EXERCISE GOAL => Leaving out every picture, output the records below exactly as they are.

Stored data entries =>
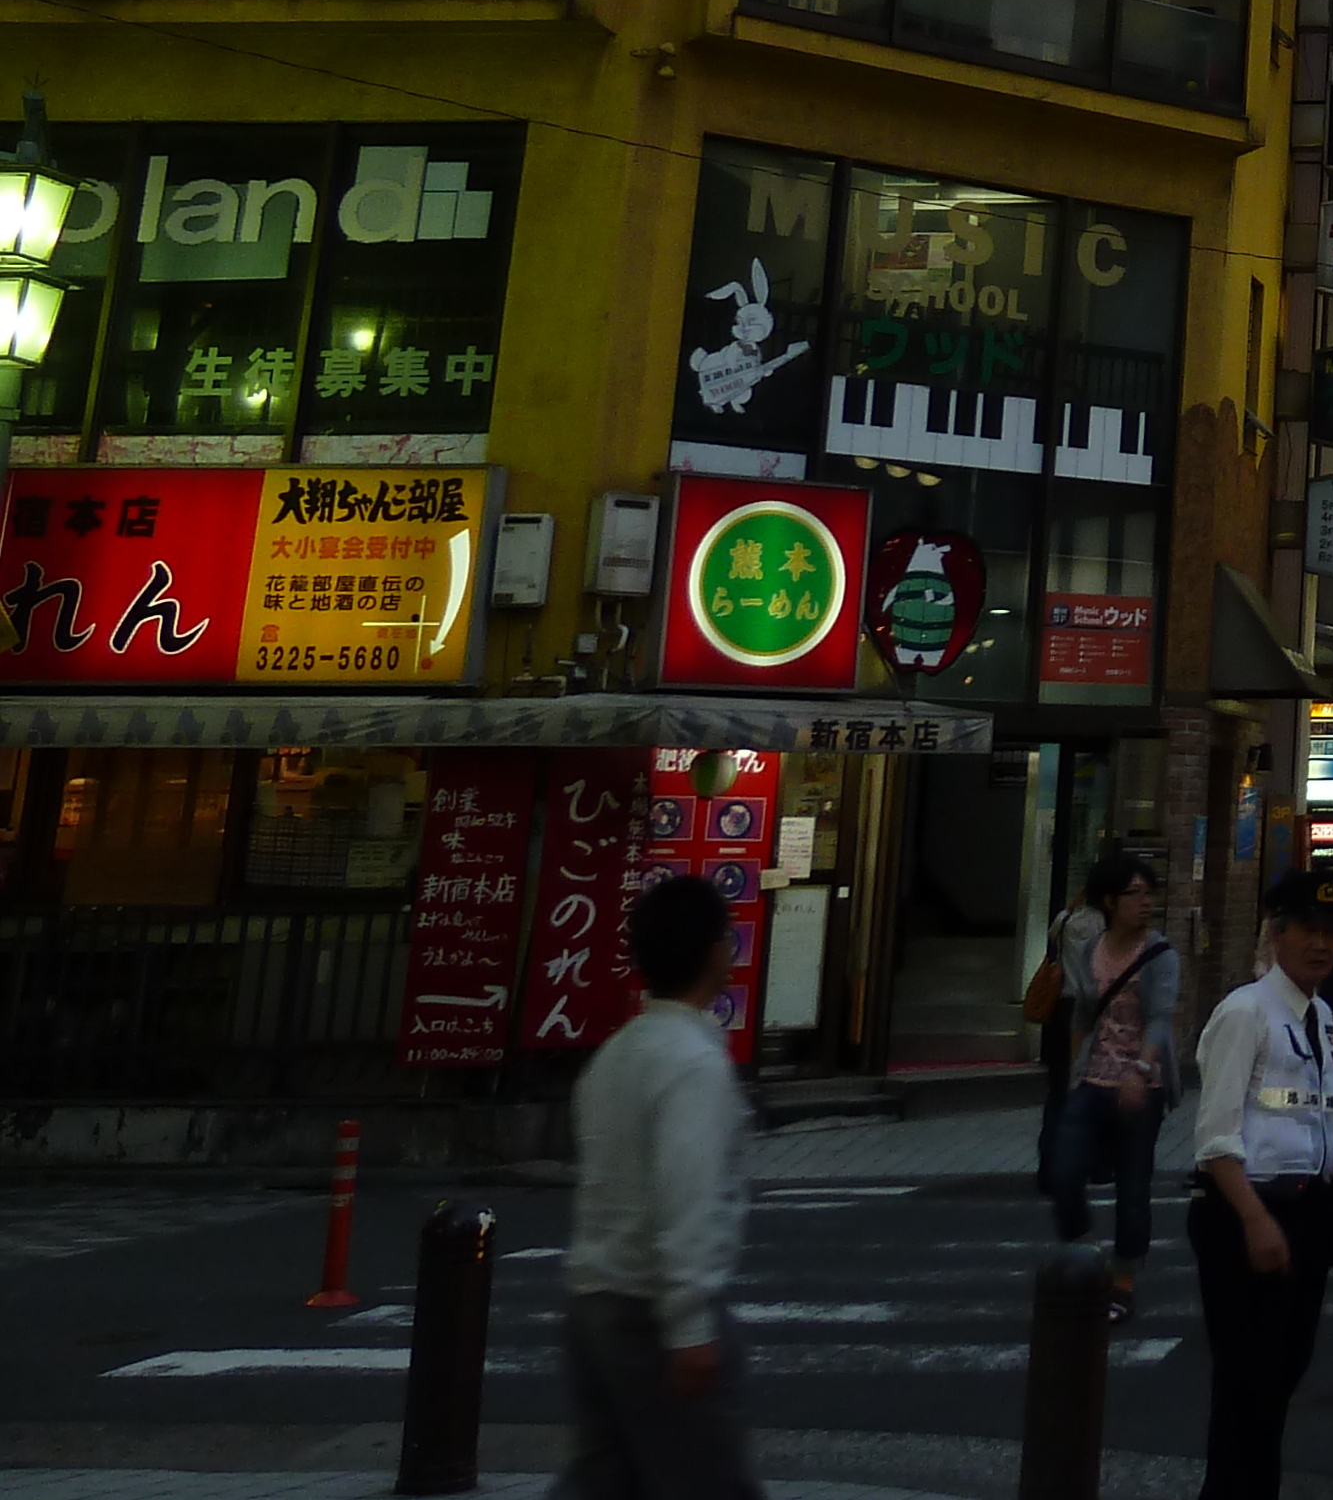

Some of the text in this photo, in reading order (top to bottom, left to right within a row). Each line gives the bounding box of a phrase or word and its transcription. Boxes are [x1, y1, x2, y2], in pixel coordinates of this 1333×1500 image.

[745, 166, 1128, 289] MUSIC
[860, 314, 1025, 383] ウッド
[180, 344, 496, 400] 生徒募集中
[270, 535, 436, 561] 大小宴会受付中
[728, 539, 818, 581] 熊本
[264, 574, 425, 594] 花籠部屋直伝の
[263, 593, 402, 612] 味と地酒の店
[711, 586, 821, 622] らーめん
[1104, 606, 1148, 627] ウッド
[255, 645, 400, 672] 3225-5680
[810, 719, 941, 753] 新宿本店
[440, 829, 466, 851] 味
[420, 872, 518, 906] 新宿本店
[535, 776, 622, 1041] ひごのれん

ANSWER BOX =>
Some of the text in this photo, in reading order (top to bottom, left to right within a row). Each line gives the bounding box of a phrase or word and its transcription. Boxes are [x1, y1, x2, y2], in pixel coordinates of this 1333×1500 image.

[745, 166, 1128, 289] MUSIC
[860, 314, 1025, 383] ウッド
[180, 344, 496, 400] 生徒募集中
[270, 535, 436, 561] 大小宴会受付中
[728, 539, 818, 581] 熊本
[264, 574, 425, 594] 花籠部屋直伝の
[263, 593, 402, 612] 味と地酒の店
[711, 586, 821, 622] らーめん
[1104, 606, 1148, 627] ウッド
[255, 645, 400, 672] 3225-5680
[810, 719, 941, 753] 新宿本店
[440, 829, 466, 851] 味
[420, 872, 518, 906] 新宿本店
[535, 776, 622, 1041] ひごのれん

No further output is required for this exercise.